YOUR ASSIGNMENT: Your answer should restate each line of the data below word for word.

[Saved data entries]
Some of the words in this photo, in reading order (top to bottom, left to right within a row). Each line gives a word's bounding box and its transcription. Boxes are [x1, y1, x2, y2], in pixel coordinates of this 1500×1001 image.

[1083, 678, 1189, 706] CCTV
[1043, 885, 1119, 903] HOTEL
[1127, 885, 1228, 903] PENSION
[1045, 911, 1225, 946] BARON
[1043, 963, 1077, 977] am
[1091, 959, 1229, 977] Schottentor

RESPONSE AREA:
Some of the words in this photo, in reading order (top to bottom, left to right within a row). Each line gives a word's bounding box and its transcription. Boxes are [x1, y1, x2, y2], in pixel coordinates of this 1500×1001 image.

[1083, 678, 1189, 706] CCTV
[1043, 885, 1119, 903] HOTEL
[1127, 885, 1228, 903] PENSION
[1045, 911, 1225, 946] BARON
[1043, 963, 1077, 977] am
[1091, 959, 1229, 977] Schottentor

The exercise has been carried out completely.